Article réalisé dans le cadre du workshop “Solution Journalism and the SDGs” dispensé par l’IHEID en collaboration avec Sparknews. Crédit photo: du Pain & des Roses

«Changer les femmes, changer les hommes, avec des géraniums» chantait Laurent Voulzy. Mais c’est du poème Bread and Roses de James Oppenheim que du Pain & des Roses tire son nom. «Dans ce poème, James Oppenheim raconte que pour vivre, on a bien-sûr besoin de pain pour se nourrir, mais qu’on a aussi besoin de fleurs, de beauté pour s’épanouir. C’est ce que veut refléter notre association», explique Marie Reverchon. Elle a fondé en 2017 du Pain & des Roses à Paris, après avoir travaillé dans sa version anglaise lors de ses études à Londres.

Remette un peu de beauté et de gaieté dans le quotidien parfois sombre des femmes réfugiées ou demandeuses d’asile, voilà la mission que s’est donnée l’association. Elle propose de leur faire découvrir les bases techniques et théoriques de la profession de fleuriste dans des ateliers se déroulant une fois par semaine. «L’avantage de travailler avec des fleurs, c’est que quoi que tu fasses, ce sera beau. Ça permet à ces femmes de reprendre confiance en elles, de voir qu’elles peuvent faire quelque chose de leurs mains», poursuit Marie Reverchon.

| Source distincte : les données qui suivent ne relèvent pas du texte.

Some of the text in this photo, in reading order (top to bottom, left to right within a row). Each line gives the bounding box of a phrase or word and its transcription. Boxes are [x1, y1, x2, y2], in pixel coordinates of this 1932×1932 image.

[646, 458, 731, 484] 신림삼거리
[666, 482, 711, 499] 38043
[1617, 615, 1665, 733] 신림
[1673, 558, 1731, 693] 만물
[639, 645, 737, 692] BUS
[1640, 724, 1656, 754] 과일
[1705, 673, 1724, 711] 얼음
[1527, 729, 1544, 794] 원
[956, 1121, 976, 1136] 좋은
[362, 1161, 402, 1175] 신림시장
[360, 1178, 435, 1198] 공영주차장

Le chemin de la sérénité est parfois bien long pour ces femmes, tant elles reviennent de loin. Selon une étude menée en 2018 par l’association France terre d’asile, les femmes demandeuses d’asile ou réfugiées vivent de nombreuses situations de violence une fois en France. Insultes sexistes et racistes, harcèlement ou agressions sexuelles: les violences qu’elles subissent sont innombrables et les poussent bien souvent à l’isolation et au repli sur elles-mêmes. «Les fleurs sont un moyen de déverrouiller la conversation, renchérit Marie Reverchon. On parle des différents types de fleurs, de comment faire un bouquet, et ça crée naturellement un espace sûr, où ces femmes peuvent se sentir bien.»

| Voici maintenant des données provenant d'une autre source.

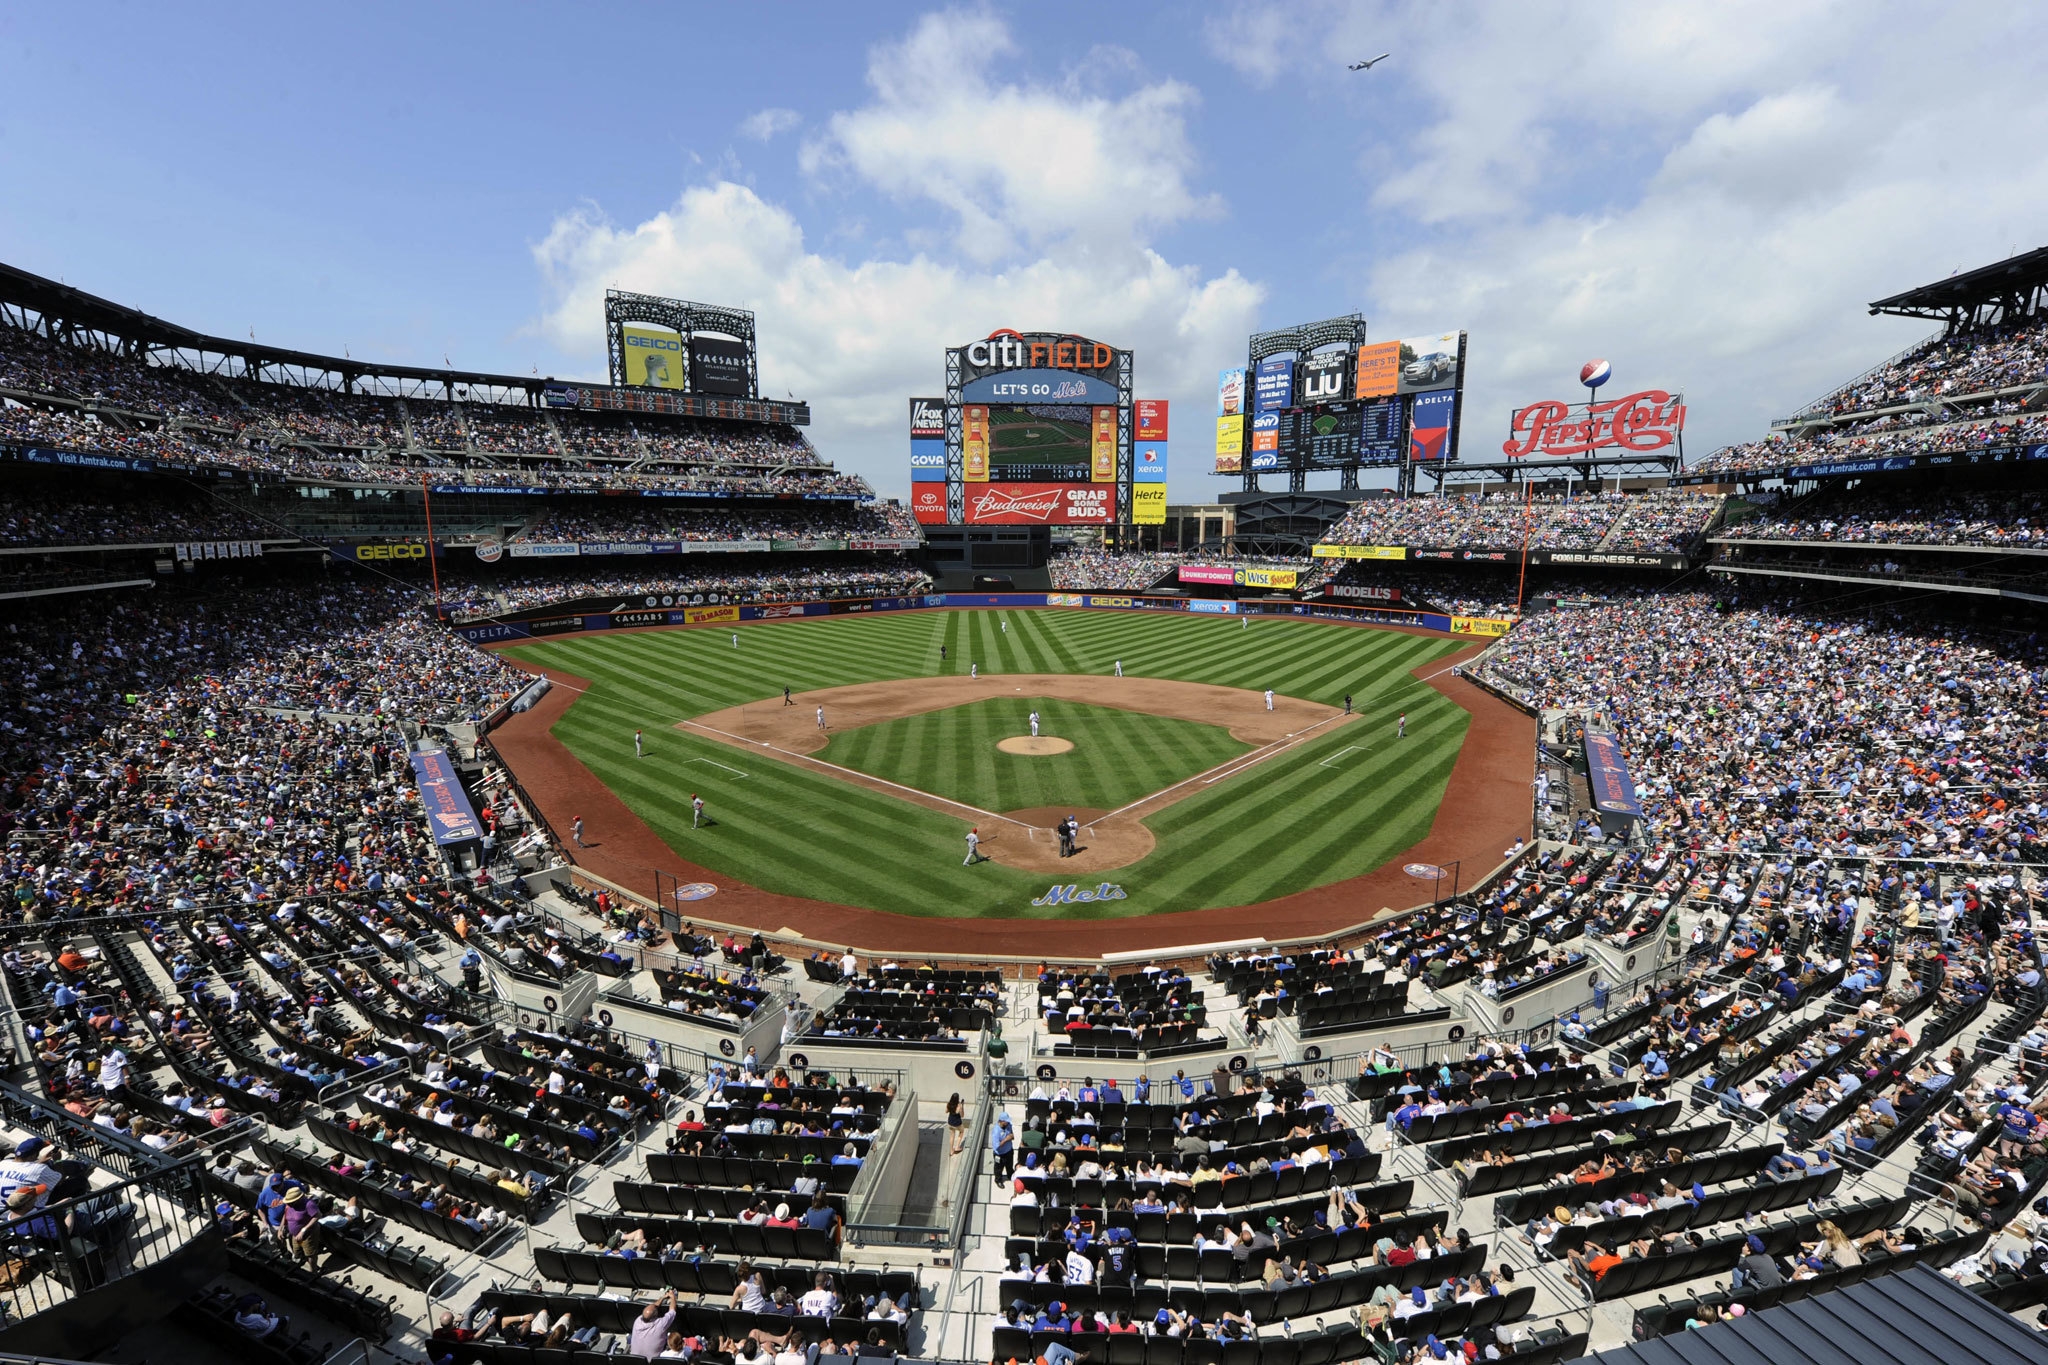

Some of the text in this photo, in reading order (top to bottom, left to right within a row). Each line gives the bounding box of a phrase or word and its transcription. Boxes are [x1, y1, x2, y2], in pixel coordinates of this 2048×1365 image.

Des compétences professionnelles

Les ateliers proposés par du Pain & des Roses ont aussi pour objectif d’apporter à ces femmes des compétences professionnelles qui leur seront utiles par la suite. «L’idée c’est aussi de leur apprendre le métier de la vente, de les aider à développer des compétences communicationnelles ou logistiques», explique la directrice de l’association. En 2019, sur 49 femmes interrogées quelques mois après leur participation aux ateliers, 36 d’entre elles avaient retrouvés une activité. Un résultat encourageant, alors que les chiffres du ministère français du travail estimaient en 2018 que seules 19% des femmes réfugiées sont en emploi dans les premières années qui suivent leur arrivée, contre 52% des hommes.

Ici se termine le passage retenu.